Dimitris Koufontinas est en prison depuis 20 ans pour avoir participé dans sa jeunesse aux actions du groupe communiste révolutionnaire 17 novembre au sein duquel il a assassiné pour la plupart des anciens collaborateurs grecs et américains de la dictature des Colonels. Le nom du groupe provient du jour où le régime a tiré sur les insurgés autour de l’École Polytechnique, dans le quartier d’Exarcheia à Athènes, le 17 novembre 1973, avec des tanks et de l’armement lourd. Après la chute de la dictature, la purge n’a jamais été faite et beaucoup d’anciens responsables de la junte sont restés dans les arcanes du pouvoir. Voilà l’argument qu’a donné à l’époque Dimitris Koufontinas pour, selon lui, venger les victimes du 17 novembre. Quand ce groupe a été démantelé, il y a 20 ans, Koufontinas s’est rendu de lui-même pour ne pas faire porter le chapeau à ses camarades arrêtés et assumer sa part de responsabilité. À partir de 2010, selon la Loi grecque, il avait la possibilité de bénéficier de permissions qui ne lui ont finalement été accordées qu’à partir de 2017, sous Tsipras, ce qui lui a permis de voir son fils Hector du fait de sa « bonne conduite » en prison et de sa ponctualité. Après un bras de fer de plusieurs semaines début 2019, il a également été transféré dans une prison rurale aux activités agricoles en plein air.

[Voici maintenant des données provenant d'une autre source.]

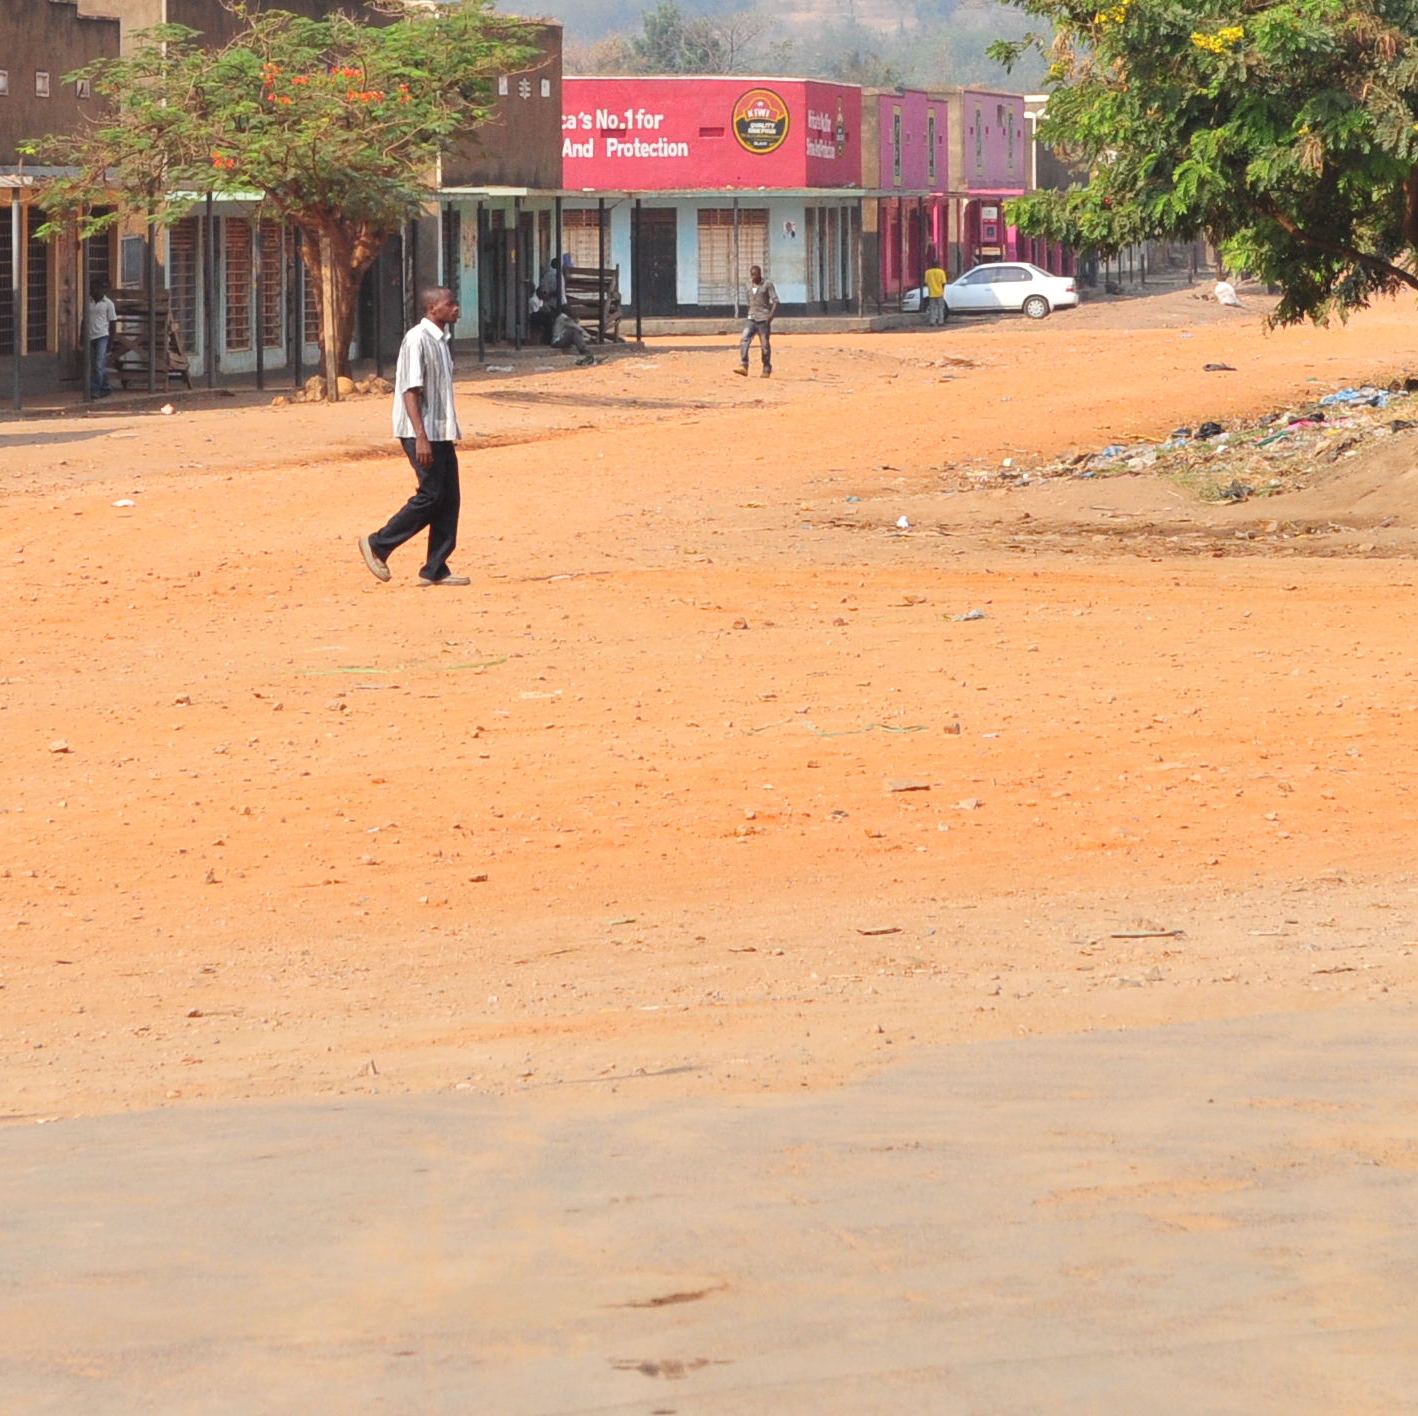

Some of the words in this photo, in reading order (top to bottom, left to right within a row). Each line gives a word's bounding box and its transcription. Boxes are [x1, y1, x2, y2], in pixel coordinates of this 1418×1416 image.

Cette année, il aurait pu solliciter une remise en liberté conditionnelle dès l’automne. Mais depuis que la droite a gagné les élections en juillet 2019, les choses ont changé. L’une des victimes de Koufontinas était le beau-frère du nouveau premier ministre, Kyriakos Mitsotakis, qui n’a pas manqué de faire voter une loi spéciale en décembre 2020 visant uniquement Koufontinas. Cette loi l’empêche désormais de revoir son fils, de poursuivre sa détention dans sa prison rurale et d’entrevoir la perspective d’une libération conditionnelle dans les prochains mois ou années. Étrangement, les prisonniers néo-nazis d’Aube Dorée n’ont pas été frappés par cette loi postérieure à leur condamnation, du fait d’une subtilité glissée dans le texte : cette loi vise les personnes poursuivies pour « terrorisme » (Koufontinas), mais pas pour « participation à une organisation criminelle » (les aube doriens). Après avoir épuisé les recours, Koufontinas s’est mis en grève de la faim puis de la soif. Depuis samedi, il refuse également l’hydratation apportée par les perfusions d’antibiotique. Il va donc mourir dans les prochaines heures, si le gouvernement continue de s’acharner.

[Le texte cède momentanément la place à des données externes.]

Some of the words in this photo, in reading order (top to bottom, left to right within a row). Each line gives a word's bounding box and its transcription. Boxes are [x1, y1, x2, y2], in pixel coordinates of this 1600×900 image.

Malgré l’intervention de très nombreux collectifs, associations (dont Amnesty international), organisations (anarchistes, communistes révolutionnaires, etc.), partis politiques (dont Syriza, Diem25, KKE, Antarsya, etc.), personnalités (dont Costa Gavras), Mitsotakis et son gouvernement ne veulent rien entendre : ils se servent de leur pouvoir pour satisfaire leur vengeance et attendent l’issue mortelle du bras de fer. Interpellée par beaucoup d’entre nous, la présidente grecque s’est murée dans le silence depuis une semaine et laisse faire Mitsotakis.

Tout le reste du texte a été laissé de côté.